His pastoral experience apparently gave him sympathy to to parents with large families on the question of artificial birth control, but in that he was not alone and the the only indication is that he would have considered the use of birth control in extremis to be a lesser degree of sin, not necessarily unsinful. Nevertheless, once Humanae Vitae was issued, he showed no indication of reversing it. People reading a gay-friendly theology into this lovely man are probably engaged in wishful thinking.

He was devoted to the poor in an old-fashioned way, but above all else he appears as someone who questioned much of what modernity champions.

Read Illustrissimi: you will not find the Missing Liberal Hope for Pope in it.

William D. Lindsey said...

Liam, I'm confused.

You seem to be implying that Mystic Gay is "projecting" in what it has to say about John Paul I. You say he was "very traditional" in his thinking about sexual morality and gender.

So are you denying that he said, “The day is not far off when we will have to answer to these people who through the years have been humiliated, whose rights have been ignored, whose human dignity has been offended, their identity denied and their liberty oppressed.
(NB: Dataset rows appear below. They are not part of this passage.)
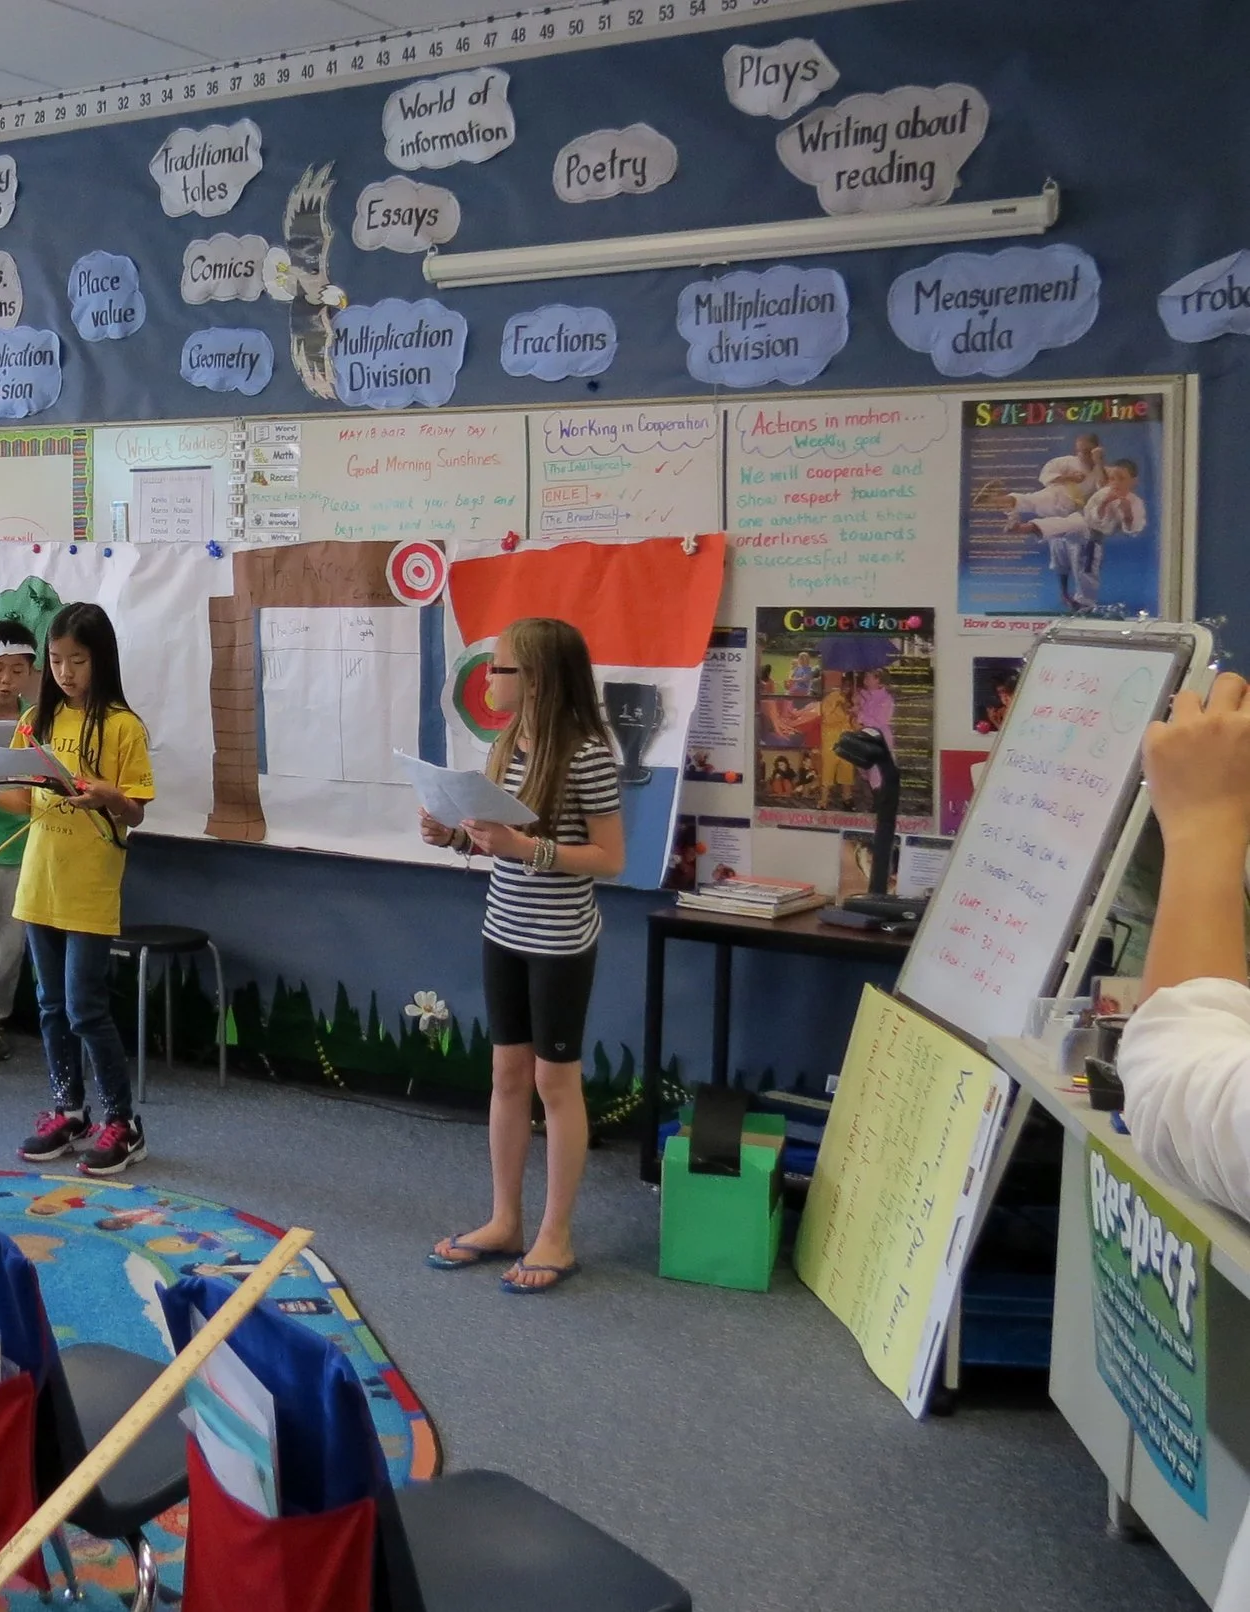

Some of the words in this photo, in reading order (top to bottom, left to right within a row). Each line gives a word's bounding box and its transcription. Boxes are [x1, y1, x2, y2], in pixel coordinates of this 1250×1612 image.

[351, 56, 364, 71] 42
[455, 37, 470, 54] 46
[568, 19, 584, 35] 50
[739, 54, 819, 102] Plays
[76, 104, 87, 118] 30
[161, 89, 173, 103] 34
[253, 72, 266, 87] 38
[399, 86, 455, 121] World
[469, 75, 495, 105] of
[400, 121, 508, 158] information
[798, 115, 887, 156] Writing
[896, 99, 973, 138] about
[162, 134, 250, 175] Traditional
[566, 151, 648, 188] Poetry
[836, 152, 935, 193] reading
[183, 176, 229, 205] tales
[366, 200, 439, 237] Essays
[79, 271, 120, 297] Place
[190, 255, 254, 283] Comics
[695, 283, 835, 328] Multiplication
[914, 264, 1080, 316] Measurement
[92, 307, 135, 327] value
[333, 319, 453, 358] Multiplication
[513, 325, 607, 356] Fractions
[709, 332, 799, 365] division
[952, 321, 1014, 356] data
[189, 343, 259, 382] Geometry
[349, 361, 431, 392] Division
[751, 411, 817, 436] Actions
[825, 413, 839, 428] in
[974, 399, 1148, 425] Self-Discipline
[179, 435, 224, 451] Buddies
[275, 425, 297, 433] Word
[276, 433, 298, 442] Study
[339, 429, 363, 442] MAY
[365, 428, 376, 439] 18
[381, 428, 406, 438] 2012
[419, 425, 455, 436] FRIDAY
[467, 425, 485, 436] DAY
[559, 418, 618, 443] Working
[622, 422, 634, 433] in
[638, 413, 709, 436] Cooperation
[794, 434, 846, 451] Weekly
[272, 450, 294, 460] Math
[347, 455, 379, 478] Good
[386, 455, 432, 481] Morning
[437, 447, 499, 468] Sunshines
[740, 467, 765, 485] We
[770, 465, 798, 481] will
[806, 464, 883, 483] cooperate
[892, 459, 923, 475] and
[784, 489, 841, 508] respect
[851, 486, 916, 500] towards
[736, 532, 828, 548] orderliness
[839, 528, 916, 543] towards
[784, 609, 913, 633] Cooperation
[963, 619, 989, 630] How
[991, 619, 1005, 630] do
[1006, 621, 1031, 633] you
[1089, 1150, 1197, 1339] Respect
What is more we will have to answer to the God who created them.”

And are you suggesting he did not say those words in remarks he made to a gathering of cardinals discussing the question of how the church should relate to gay believers?

Jayden Cameron said...

Wikipedia has now restored the gay friendly quotes from Luciani in an expanded section entitled Moral Theology of JPI, with requests for supporting citations, making it clear that the quotes came from Lucien Gregoire's disputed book Murder in the Vatican. I must confess that I did not check the sources carefully, because I also feel Gregoire's book is unreliable, too many bizarre fabrications. However, gay clerical friends of mine in Rome at the time of Luciani's election assured me that the "little man from Venice" was gay and had even gotten into a bit of trouble for making openly sympathetic comments about homosexuals. I realize this is not evidence, only hearsay and innuendo. And is it even important so many years after the fact? Only in the sense that it highlights how difficult it is to find clear, concrete evidence of positive affirmations about gay people throughout church history. And one gentle reminder to Liam: Pope John XXIII was also considered something of a doctrinal reactionary upon his election, but he was a good and open man who listened and I believe Luciani was the same.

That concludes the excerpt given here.